One place where targeted attacks were a huge topic of conversation was at the U.S. Security Confab event that I attended last week. It’s hosted annually by my friends Jerry Archer, CISO Sallie Mae, Dave Cullinane, CISO EBAY, and Bob Bragdon, Publisher CSO Magazine. If you have never attended I highly recommend it (as if you needed an excuse to spend a week in California). It’s one of the best security conferences in the world.
APTs, targeted attacks, and advanced malware were the common threads that permeated the majority of the presentations. The resounding theme was also the lack of shared strategy and organization within the security community against our common enemy – cybercriminals. Right now when one of us is attacked we share the information upstream with the government, but we fail to turn that into any real, viable intelligence for the private sector. Don’t you think it would be helpful if we had a standardized way to share the intelligence in a standard format that details the “who” and the “how” of the attack? And I’m not just talking about U.S. here; this could be global as well. In this scenario, thousands of companies would be protected instantaneously when one of us learns of a new cyber threat.

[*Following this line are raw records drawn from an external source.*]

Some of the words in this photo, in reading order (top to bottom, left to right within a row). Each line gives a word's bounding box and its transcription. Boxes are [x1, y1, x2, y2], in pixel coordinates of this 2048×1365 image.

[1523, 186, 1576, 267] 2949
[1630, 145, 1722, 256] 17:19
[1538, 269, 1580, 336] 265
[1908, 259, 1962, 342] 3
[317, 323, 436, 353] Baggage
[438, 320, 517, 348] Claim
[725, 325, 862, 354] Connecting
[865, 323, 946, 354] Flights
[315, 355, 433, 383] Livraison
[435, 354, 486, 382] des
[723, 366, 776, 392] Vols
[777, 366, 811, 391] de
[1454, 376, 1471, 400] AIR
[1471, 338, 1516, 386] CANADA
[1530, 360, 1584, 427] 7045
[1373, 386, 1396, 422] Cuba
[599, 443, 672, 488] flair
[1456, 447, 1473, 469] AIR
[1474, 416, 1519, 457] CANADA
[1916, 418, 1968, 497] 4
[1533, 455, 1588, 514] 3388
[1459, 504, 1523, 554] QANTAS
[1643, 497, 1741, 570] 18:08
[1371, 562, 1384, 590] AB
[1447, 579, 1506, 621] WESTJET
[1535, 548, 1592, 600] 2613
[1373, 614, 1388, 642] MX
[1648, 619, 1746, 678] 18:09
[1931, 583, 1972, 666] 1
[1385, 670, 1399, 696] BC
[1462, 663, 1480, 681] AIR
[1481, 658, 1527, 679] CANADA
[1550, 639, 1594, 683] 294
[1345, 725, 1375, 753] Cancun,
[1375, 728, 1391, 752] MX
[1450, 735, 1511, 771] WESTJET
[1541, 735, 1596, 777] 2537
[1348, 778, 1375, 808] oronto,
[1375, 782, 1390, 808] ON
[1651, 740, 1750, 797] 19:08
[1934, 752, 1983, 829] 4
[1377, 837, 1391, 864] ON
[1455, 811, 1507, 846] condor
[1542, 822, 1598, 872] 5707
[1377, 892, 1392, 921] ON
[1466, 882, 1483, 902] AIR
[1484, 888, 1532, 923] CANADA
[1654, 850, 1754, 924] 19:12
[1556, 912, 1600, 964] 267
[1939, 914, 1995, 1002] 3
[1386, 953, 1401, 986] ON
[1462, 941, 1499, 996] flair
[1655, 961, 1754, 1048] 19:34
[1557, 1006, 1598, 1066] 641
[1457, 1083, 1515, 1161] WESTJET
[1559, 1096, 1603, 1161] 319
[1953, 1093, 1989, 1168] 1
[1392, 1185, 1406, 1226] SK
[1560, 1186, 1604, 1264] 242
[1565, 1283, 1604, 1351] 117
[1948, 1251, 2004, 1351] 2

Recently, we took a step in the right direction when the Pentagon announced that cyber space is a new battleground. A cyberspace attack on U.S. assets is now considered equal to an attack occurring on U.S. soil. At the same time Department of Defense Secretary, William J. Lynn III acknowledged the need for cooperation. He said:
“Strong partnerships with other U.S. government departments and agencies, the private sector and foreign nations are crucial. Our success in cyberspace depends on a robust public/private partnership. The defense of the military will matter little unless our civilian critical infrastructure is also able to withstand attacks.”
This is a great step, but we must continue to organize within the security community, since the bad guys are already organized and many of us stand on our own. Click here to read more about the Pentagon news.
This week I am attending the Austin NG security summit, so next week I will be talking about successful strategies to protect against ATPs and targeted attacks as well as any great insights from the Austin summit. In the meantime, let me know if you have any questions.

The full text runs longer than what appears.